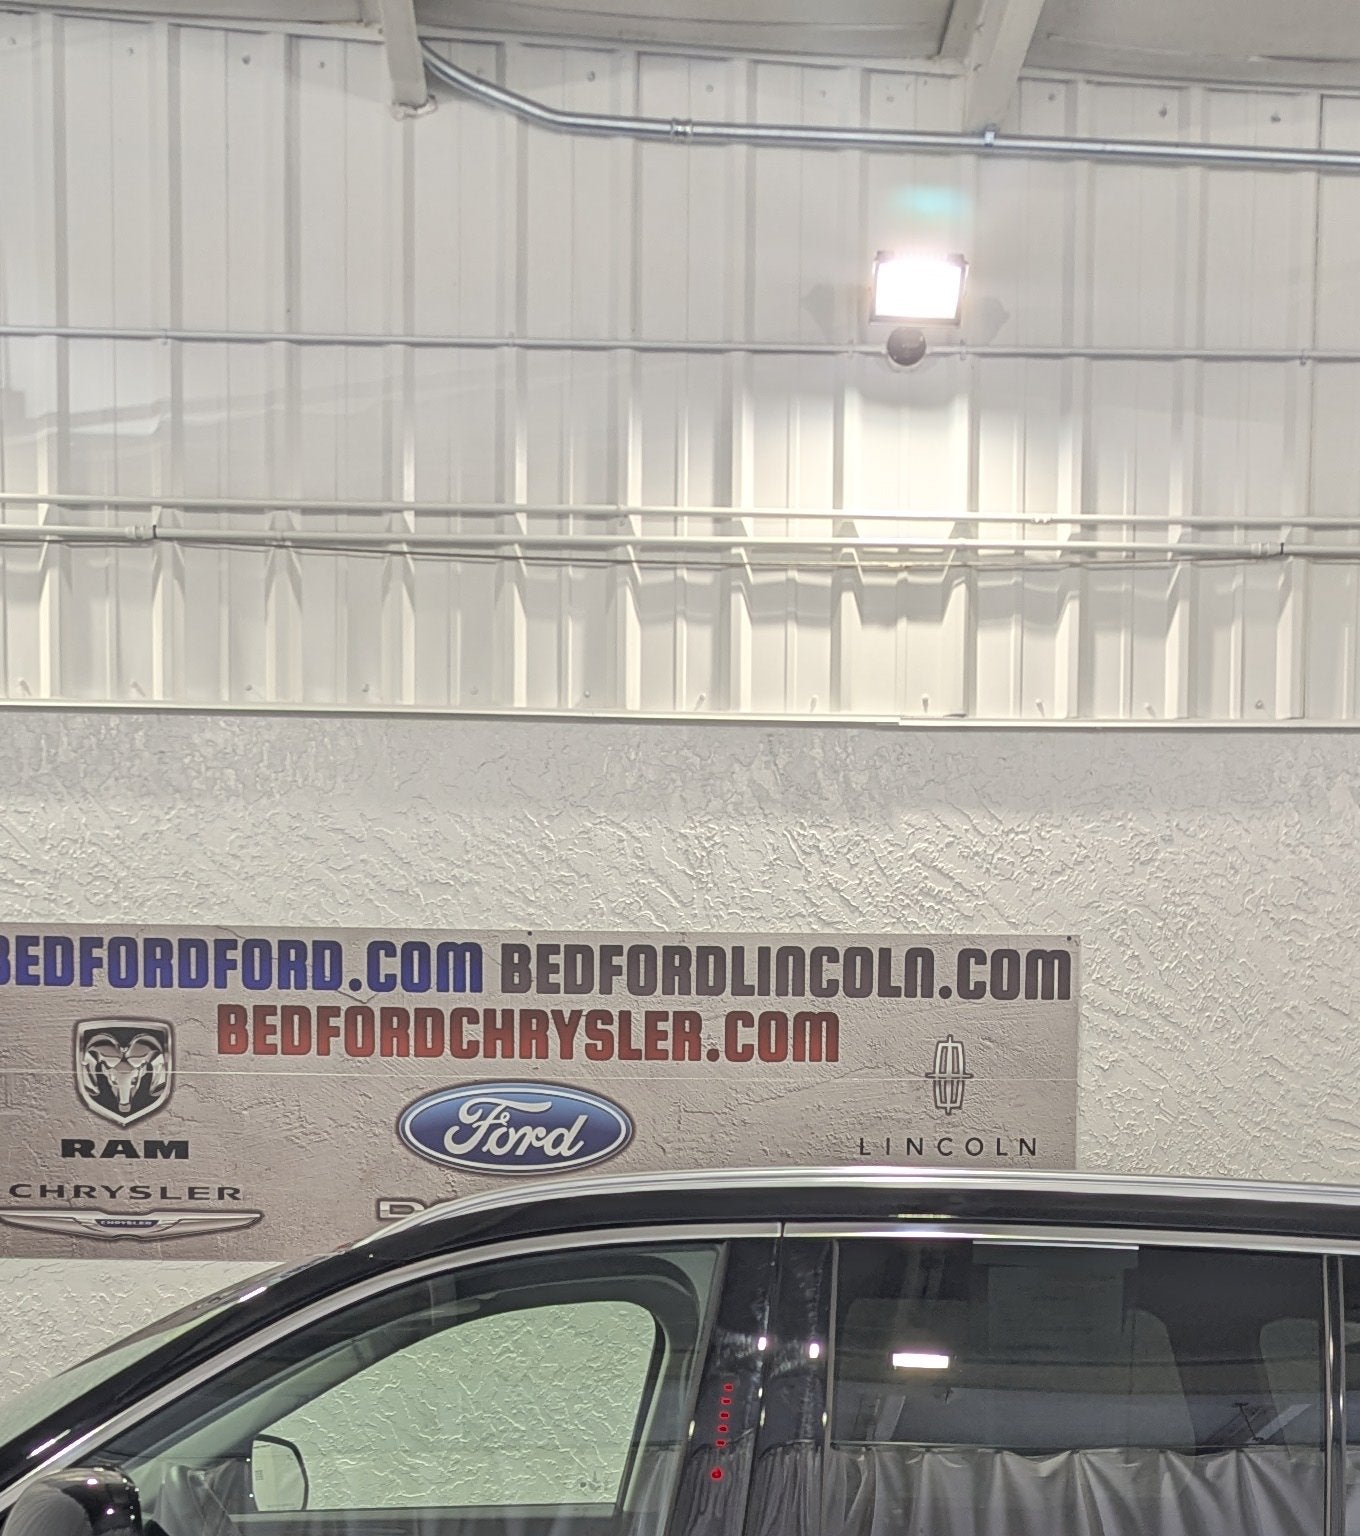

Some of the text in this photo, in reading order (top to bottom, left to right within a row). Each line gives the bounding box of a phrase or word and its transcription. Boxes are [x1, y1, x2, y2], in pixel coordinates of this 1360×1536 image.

[500, 943, 1071, 1001] BEDFORDLINCOLN.COM
[217, 1004, 840, 1063] BEDFORDCHRYSLER.COM
[443, 1097, 589, 1157] Ford
[859, 1137, 1037, 1157] LINCOLN
[60, 1138, 190, 1160] RAM
[8, 1183, 242, 1201] CHRYSLER
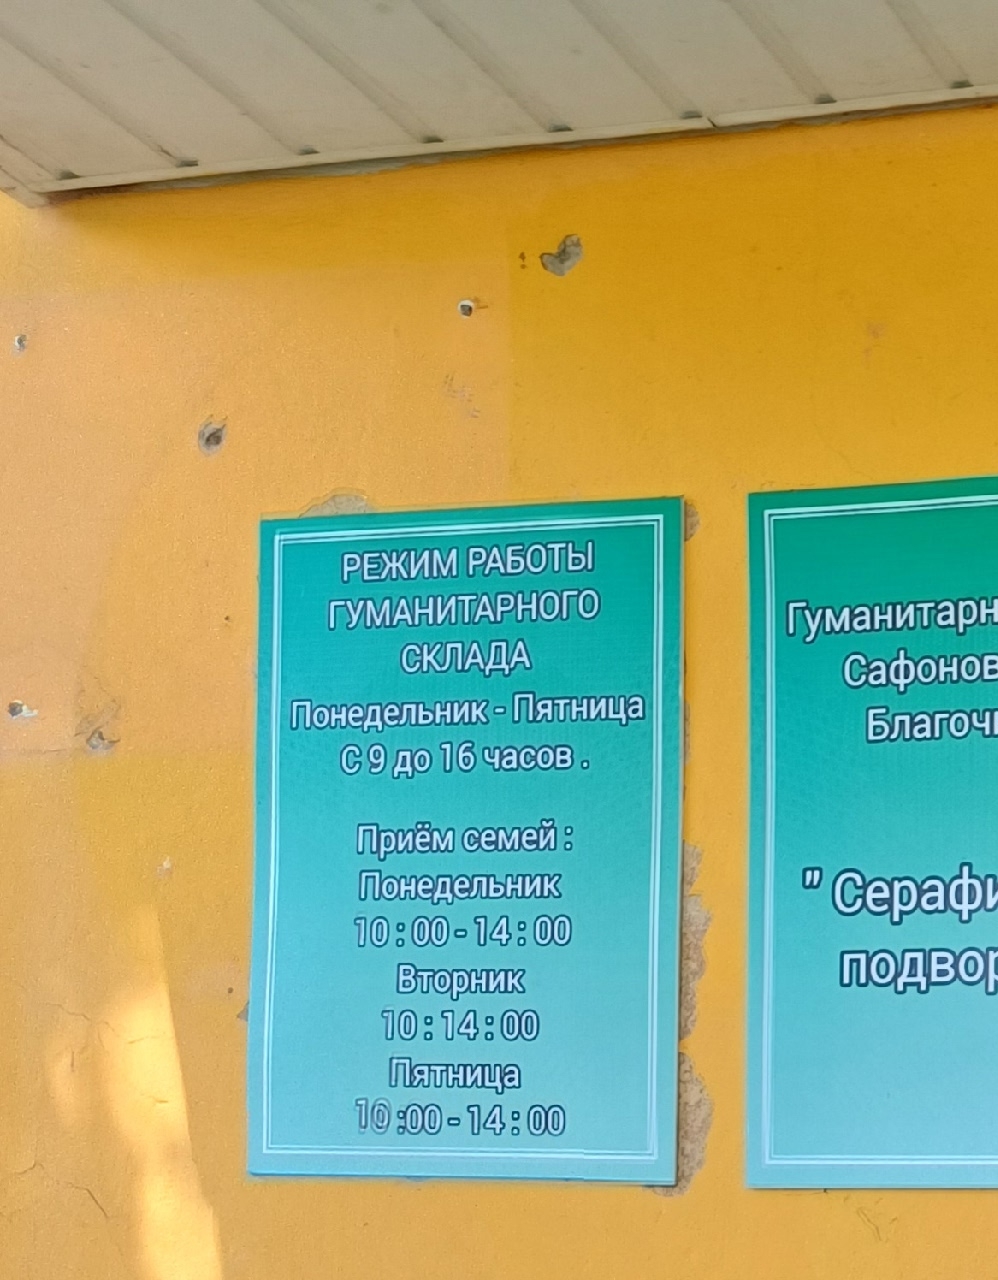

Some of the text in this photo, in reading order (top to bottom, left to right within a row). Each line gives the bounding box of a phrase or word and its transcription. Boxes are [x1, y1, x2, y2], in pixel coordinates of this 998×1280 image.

§ §

Repeat every record above exactly. The pictures do not belong in the copy.

**EXERCISE RESULT**
Some of the text in this photo, in reading order (top to bottom, left to right within a row). Each line gives the bounding box of a phrase or word and its transcription. Boxes are [x1, y1, x2, y2], in pixel coordinates of this 1360×1536 image.

[500, 943, 1071, 1001] BEDFORDLINCOLN.COM
[217, 1004, 840, 1063] BEDFORDCHRYSLER.COM
[443, 1097, 589, 1157] Ford
[859, 1137, 1037, 1157] LINCOLN
[60, 1138, 190, 1160] RAM
[8, 1183, 242, 1201] CHRYSLER

Some of the text in this photo, in reading order (top to bottom, left to right within a row). Each line gives the bounding box of a phrase or word and its transcription. Boxes are [x1, y1, x2, y2], in pixel coordinates of this 998×1280 image.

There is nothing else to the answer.